本発明で用いうる核酸医薬の具体例について説明する。核酸医薬としては、5’末端がポリエチレングリコール鎖を有する化合物により修飾され、3’末端が核酸アプタマーにより修飾され、配列(1)の塩基配列を有するセンス鎖および配列(2)の塩基配列を有するアンチセンス鎖を有する核酸医薬、5’末端がポリエチレングリコール鎖を有する化合物により修飾され、3’末端が核酸アプタマーにより修飾され、配列(3)の塩基配列を有するセンス鎖および配列(4)の塩基配列を有するアンチセンス鎖を有する核酸医薬、5’末端がポリエチレングリコール鎖を有する化合物により修飾され、3’末端が核酸アプタマーにより修飾され、配列(5)の塩基配列を有するセンス鎖および配列(6)の塩基配列を有するアンチセンス鎖を有する核酸医薬、5’末端がポリエチレングリコール鎖を有する化合物により修飾され、3’末端が核酸アプタマーにより修飾され、配列(7)の塩基配列を有するセンス鎖および配列(8)の塩基配列を有するアンチセンス鎖を有する核酸医薬、5’末端がポリエチレングリコール鎖を有する化合物により修飾され、3’末端が核酸アプタマーにより修飾され、配列(9)の塩基配列を有するセンス鎖および配列(10)の塩基配列を有するアンチセンス鎖を有する核酸医薬、5’末端がポリエチレングリコール鎖を有する化合物により修飾され、3’末端が核酸アプタマーにより修飾され、配列(11)の塩基配列を有するセンス鎖および配列(12)の塩基配列を有するアンチセンス鎖を有する核酸医薬、5’末端がポリエチレングリコール鎖を有する化合物により修飾され、3’末端が核酸アプタマーにより修飾され、配列(13)の塩基配列を有するセンス鎖および配列(14)の塩基配列を有するアンチセンス鎖を有する核酸医薬、5’末端がポリエチレングリコール鎖を有する化合物により修飾され、3’末端が核酸アプタマーにより修飾され、配列(15)の塩基配列を有するセンス鎖および配列(16)の塩基配列を有するアンチセンス鎖を有する核酸医薬、ならびに、5’末端が核酸アプタマーにより修飾され、3’末端がポリエチレングリコール鎖を有する化合物により修飾され、配列(21)の塩基配列を有するセンス鎖および配列(22)の塩基配列を有するアンチセンス鎖を有する核酸医薬、があげられる。

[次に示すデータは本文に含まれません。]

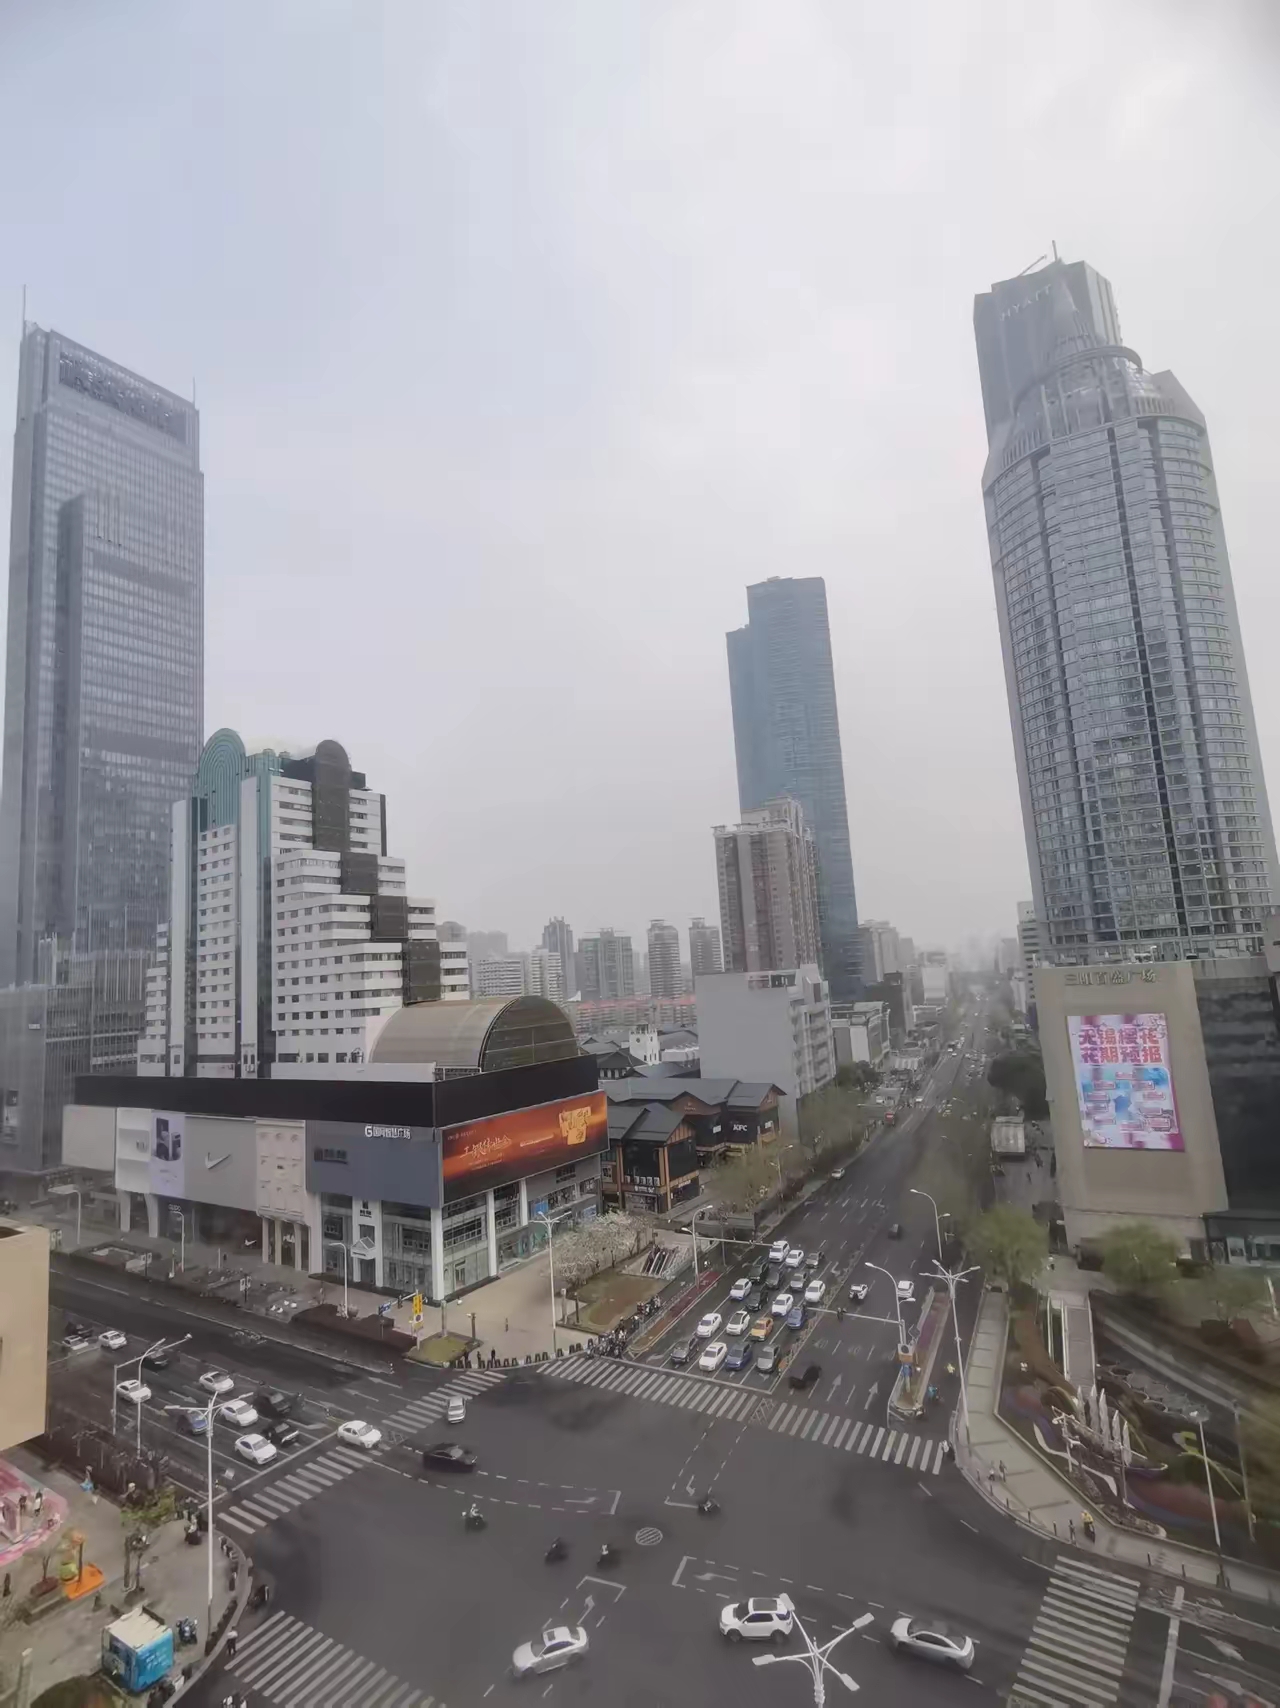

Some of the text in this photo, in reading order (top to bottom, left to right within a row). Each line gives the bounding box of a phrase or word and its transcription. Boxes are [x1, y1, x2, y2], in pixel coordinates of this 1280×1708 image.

細胞外小胞の供給源細胞は、特に限定されないが、例えば、ヒト由来間葉系幹細胞、ヒト以外の動物(具体的には哺乳動物)由来の初代培養細胞、継代細胞、および細胞株(セルライン)などの各種培養細胞、ならびに生体内に存在する種々の細胞(例えば上皮細胞、線維芽細胞、筋細胞、免疫系細胞、造血系細胞など)などがあげられる。
工程1において、核酸医薬の存在下、細胞外小胞の供給源細胞を培養する際には、核酸医薬とともに、トランスフェクション試薬を用いることが好ましい。トランスフェクション試薬を用いると、核酸医薬が前記供給源細胞内に導入されやすくなる。トランスフェクション試薬は、カチオン性高分子、カチオン性脂質、ポリアミン系試薬、ポリイミン系試薬およびリン酸カルシウムからなる群より選ばれるものを用いることができる。トランスフェクション試薬としては、Thermo社製のLipofectamine(登録商標)シリーズを用いてもよい。
細胞外小胞の供給源細胞の培養条件(温度、環境及び時間など)は、特に限定されず、前記供給源細胞の種類、核酸医薬の種類などを考慮して選択することができる。例えば前記供給源細胞がヒト由来間葉系幹細胞で、核酸医薬がルシフェラーゼの発現を抑制するsiRNAである場合、培養温度は35℃~39℃が好ましく、CO条件下で行うことが好ましい。培養時間は細胞の性質を考慮し、適宜設定することができる。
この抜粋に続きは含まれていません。